Namely, in the first batch of six grounds there are the following reasons for using nuclear weapons: 1) to deter potential adversaries from nuclear and non-nuclear attack of any scale  and under any conditions on p.20; 2) to respond to any non-nuclear strategic attack on p.21; 3) to protect its allies and partners from nuclear and non-nuclear attack on p.21;  4) if attack is launched vs nuclear forces of the U.S. allies on p. 21; 5) to respond to any attack vs the USA, its allied or partner civilian population and infrastructure on p. 21; and 6) to use low-yield nuclear weapons as a credible deterrence against regional aggression on p. 54. They have been clearly formulated.

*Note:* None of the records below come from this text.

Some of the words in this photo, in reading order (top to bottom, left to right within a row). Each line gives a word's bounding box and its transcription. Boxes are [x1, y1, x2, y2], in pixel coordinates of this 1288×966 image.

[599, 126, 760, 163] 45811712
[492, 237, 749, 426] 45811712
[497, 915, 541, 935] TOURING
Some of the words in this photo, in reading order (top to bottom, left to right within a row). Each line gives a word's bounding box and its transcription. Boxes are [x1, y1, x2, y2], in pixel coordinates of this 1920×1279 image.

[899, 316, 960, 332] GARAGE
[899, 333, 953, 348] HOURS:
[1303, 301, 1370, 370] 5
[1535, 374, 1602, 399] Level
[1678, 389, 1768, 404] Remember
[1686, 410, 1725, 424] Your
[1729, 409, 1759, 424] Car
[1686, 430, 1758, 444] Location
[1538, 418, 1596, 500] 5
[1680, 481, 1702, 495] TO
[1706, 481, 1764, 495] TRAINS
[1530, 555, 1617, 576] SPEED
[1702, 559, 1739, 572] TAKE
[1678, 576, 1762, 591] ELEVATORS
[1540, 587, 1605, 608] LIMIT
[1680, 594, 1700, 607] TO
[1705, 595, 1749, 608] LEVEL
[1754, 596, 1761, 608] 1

However, there are too vague reasons, still not explained by Washington what the USA has in mind, namely: 1) if “operational shortfalls” reduce the effectiveness of the U.S. nuclear forces on p.38; 2) to deny “unexpected challenges” on p.38; 3) in the event of “a geopolitical challenge” that threatens an element of U.S. nuclear forces on p. 40; 4) to respond against “multiple future risks and uncertainties” on p.48; 5) to respond to  “new forms of aggression” on p. 21; 6) to respond to “emergence of new adversaries”, expansion of adversary nuclear forces, changes in adversary strategy and doctrine on p.38; 7) to use vs NPT member-states, if they violate it (p.21); and 8) to overcome  “technical  challenges”  or  “adversaries’ technological breakthroughs”, and in case of any cyberattacks (p.38).

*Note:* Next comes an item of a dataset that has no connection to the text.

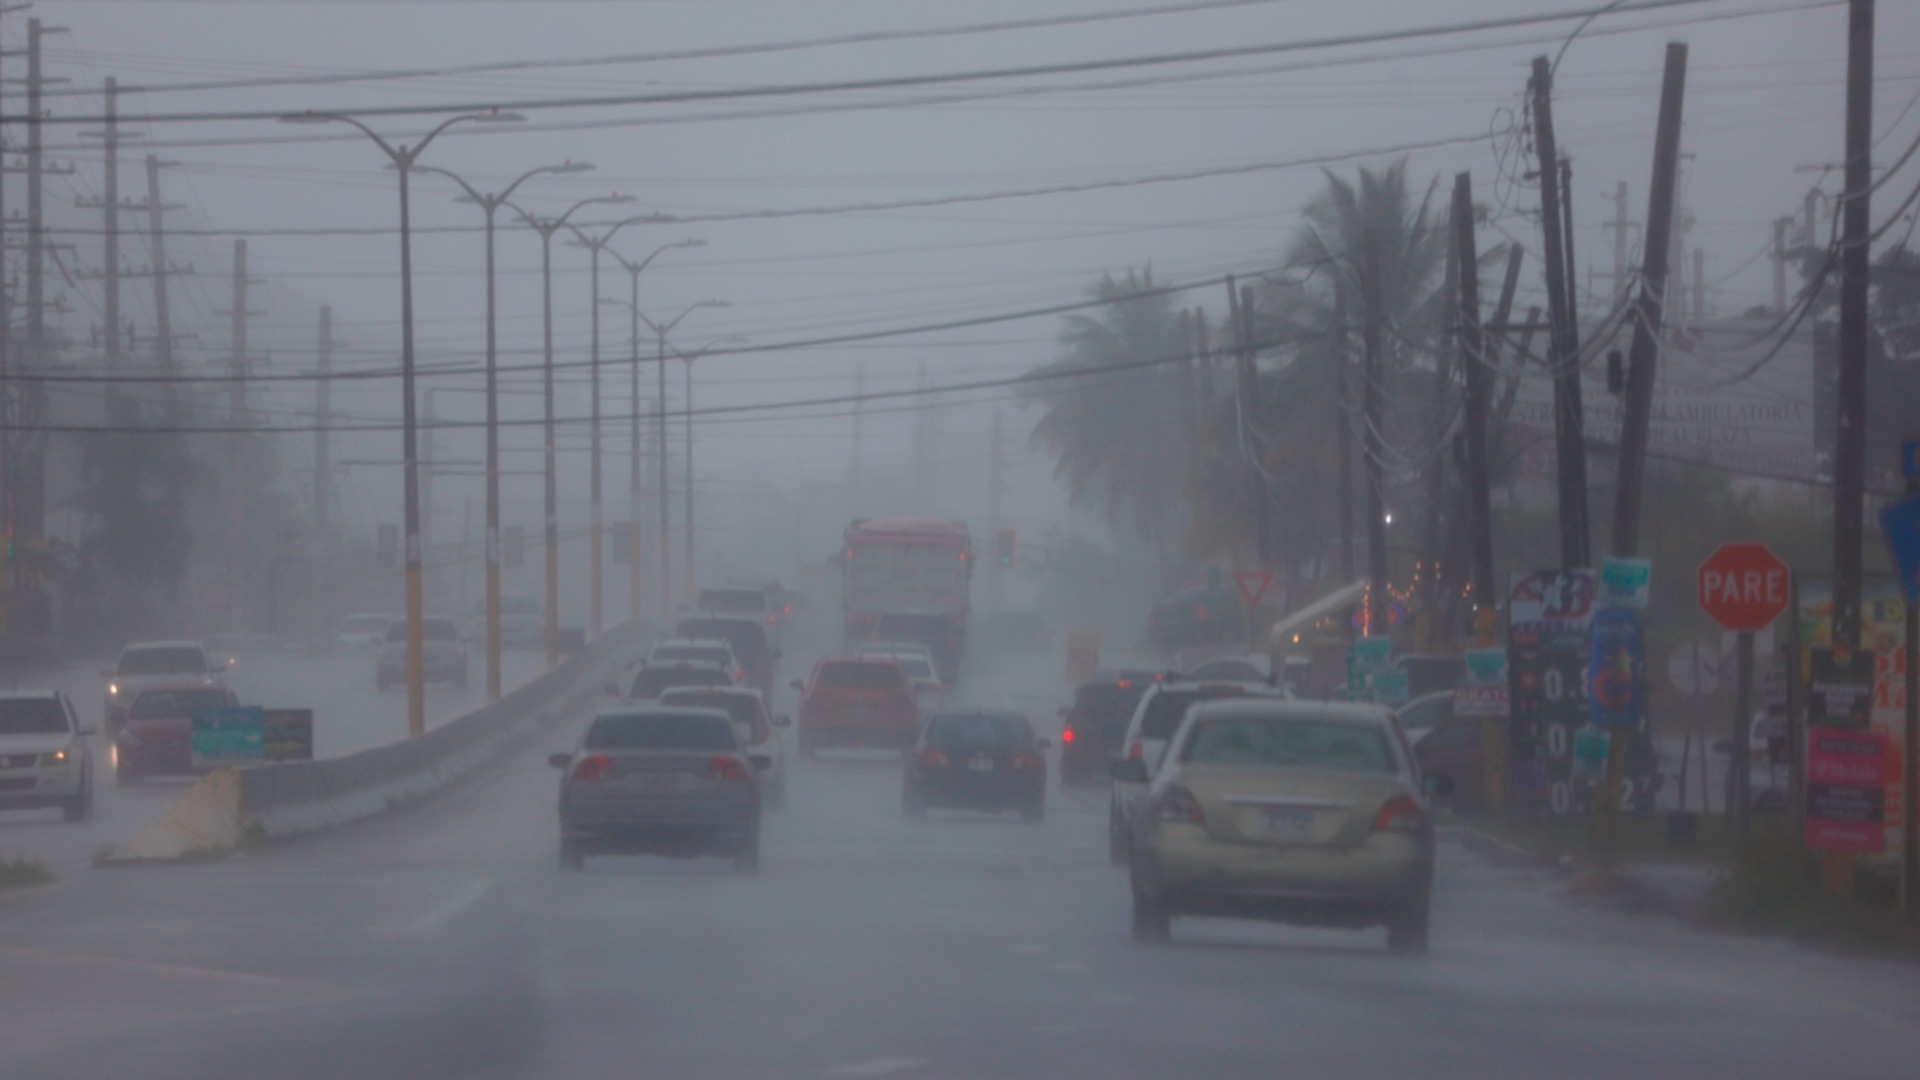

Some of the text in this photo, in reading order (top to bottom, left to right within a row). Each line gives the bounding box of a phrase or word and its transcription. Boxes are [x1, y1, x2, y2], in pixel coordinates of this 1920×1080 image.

As has been repeatedly recognized in American military and political documents, in the next ten years, the Pentagon will receive up to US $ 400 billion dollars for strengthening the nuclear missile component, and in the next 30 years – US $ 1.2 trillion at constant prices, or US $ 1.7 trillion adjusted for inflation. No country in the world can spend such enormous amount of money for such weapons of mass destruction.

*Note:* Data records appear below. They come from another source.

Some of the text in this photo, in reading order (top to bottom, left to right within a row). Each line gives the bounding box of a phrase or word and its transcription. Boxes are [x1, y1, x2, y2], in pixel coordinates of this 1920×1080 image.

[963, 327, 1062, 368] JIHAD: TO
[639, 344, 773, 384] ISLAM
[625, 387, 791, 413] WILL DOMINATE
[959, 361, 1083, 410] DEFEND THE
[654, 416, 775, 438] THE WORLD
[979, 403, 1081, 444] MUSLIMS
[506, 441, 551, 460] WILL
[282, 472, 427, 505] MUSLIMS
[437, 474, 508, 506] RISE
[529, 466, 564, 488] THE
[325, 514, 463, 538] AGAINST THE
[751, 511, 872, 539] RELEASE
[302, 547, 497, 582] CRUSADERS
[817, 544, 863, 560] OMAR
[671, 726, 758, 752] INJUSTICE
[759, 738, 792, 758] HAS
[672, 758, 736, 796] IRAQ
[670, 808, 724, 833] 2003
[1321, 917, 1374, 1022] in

V. Current Russian nuclear strategy

It is fundamentally important that the Russian nuclear doctrines of 2010 (the previous one) and 2014 (the current one) do not contain provisions on the possibility of using Russian nuclear weapons in regional or local conflicts, which is attributed by some Western researchers. There is no indication of the separate use of strategic and tactical nuclear weapons. The present Russian military doctrine of 2014 annulled all the different opinions on this topic expressed before its adoption by various experts who did not declare an official point of view.

In addition, in the Russian military doctrine of 2014 there is no word about any desire of Moscow to implement the strategy of extended nuclear deterrence or forward-based nuclear deterrence, that is, by placing its own nuclear weapons on the territory of foreign states closer to American territory. Crucially, the updated version of Russia’s 2014 military doctrine lacks language about its desire to deploy strike elements of the global missile defense infrastructure in the territories of foreign countries.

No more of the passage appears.